Mylène n'avait accordé dans le passé
que deux interviews en Allemagne : en
février
1996 à la radio FFN et en
mars
1996 pour le "Vogue" allemand (une interview
croisée avec Amélie Nothomb).
L'album
Interstellaires
s'est classé pour sa première
semaine à la 79è place du top albums Allemagne.

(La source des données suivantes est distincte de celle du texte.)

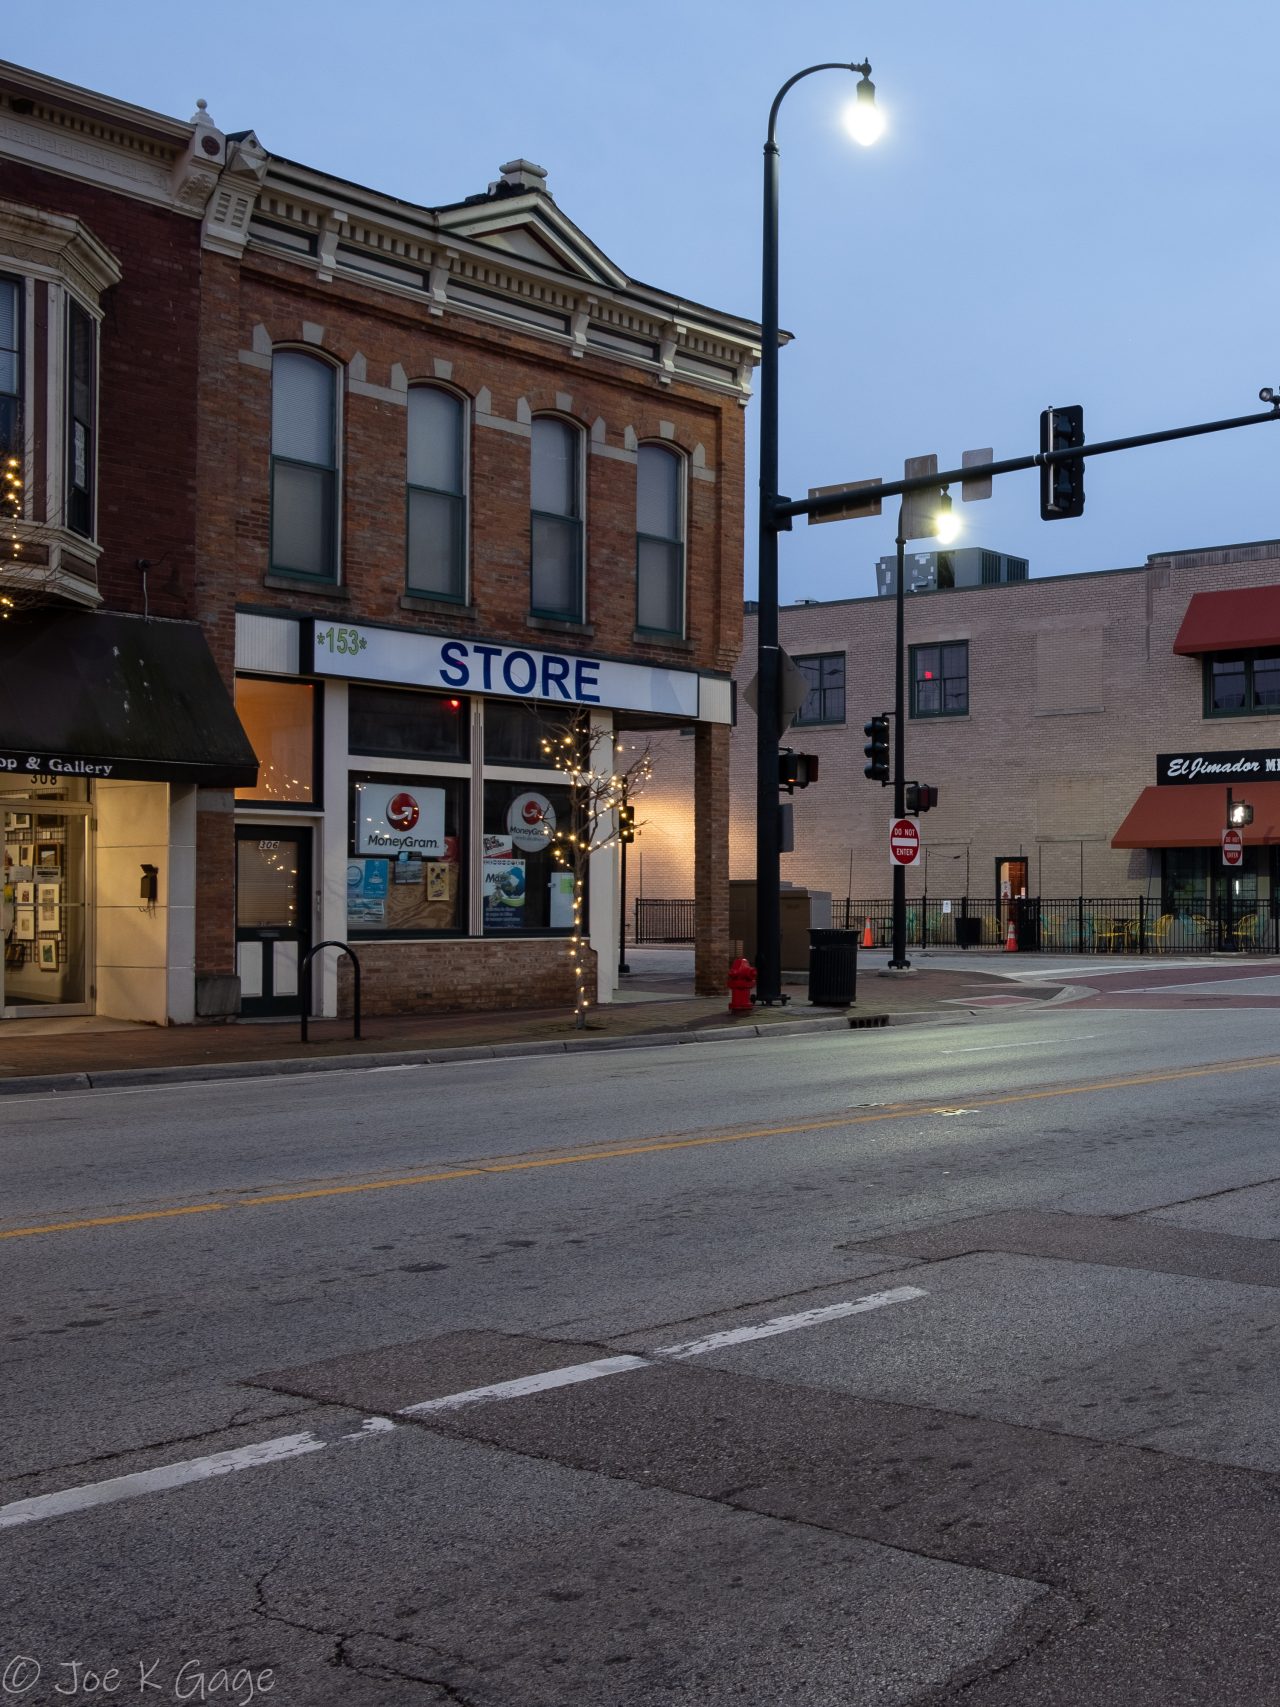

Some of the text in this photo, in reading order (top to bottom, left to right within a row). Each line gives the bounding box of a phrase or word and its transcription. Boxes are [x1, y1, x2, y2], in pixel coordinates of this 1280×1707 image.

Mylène.Net vous propose la traduction de cette nouvelle
interview dans son intégralité en
français.
Elle est l'icône
de la musique pop la
plus couronnée de succès en France, il est une
star mondiale.
Maintenant, Mylène Farmer et Sting chantent en duo. Une
conversation
de couple sur les barbes des hipsters et des machos, sur l'homophobie
en Russie et sur comment danser malgré une fracture de la
jambe.
Un
hôtel de luxe près de l'Arc de Triomphe
à Paris : Sting ouvre la
porte d'une suite, mais laisse tout d'abord passer la chanteuse
française Mylène Farmer. Tous deux forment un
couple pour une
chanson : ils ont récemment
ré-enregistré une vieille chanson de
Sting. En anglais et en français.
Stolen Car
- l'histoire
d'un voleur de voitures, d'un chef d'entreprise et de sa
maîtresse.
En France, la chanson s'est hissée au numéro un
dans les charts
iTunes. Elle figure également sur le nouveau CD
Interstellaires
de Mylène Farmer qui vient de sortir. Un
mélange pop éclectique
de guitares, de reggae et de ballades - reliés par cette
voix de
femme douce et triste. Farmer et Sting prennent place sur un
canapé
en cuir. L'un à côté de l'autre. Le
journaliste est assis en face
d'eux. On a l'impression d'être en thérapie de
couple. Mais ce ne
sera pas aussi grave que ça.
Welt am Sonntag : Madame
Farmer, vous vous êtes récemment cassé
une jambe. Comment
allez-vous ?
Mylène Farmer : Merci, je vais déjà
beaucoup
mieux. C'est lors d'un accident il y a cinq mois qu'elle a
été
fracturée à deux endroits.
Welt am Sonntag : Avez-vous
remarqué ce qui est
arrivé au Foo Fighters et chanteur Dave Grohl - lorsqu'il
est tombé
de la scène en Suède, s'est cassé la
jambe et qu'il a joué peu de
temps après avec des analgésiques et un bandage
réalisé à la
hâte ?
Mylène Farmer : Bien sûr, je l'ai vu comme la
plupart des gens. J'ignore absolument comment il a pu supporter cela.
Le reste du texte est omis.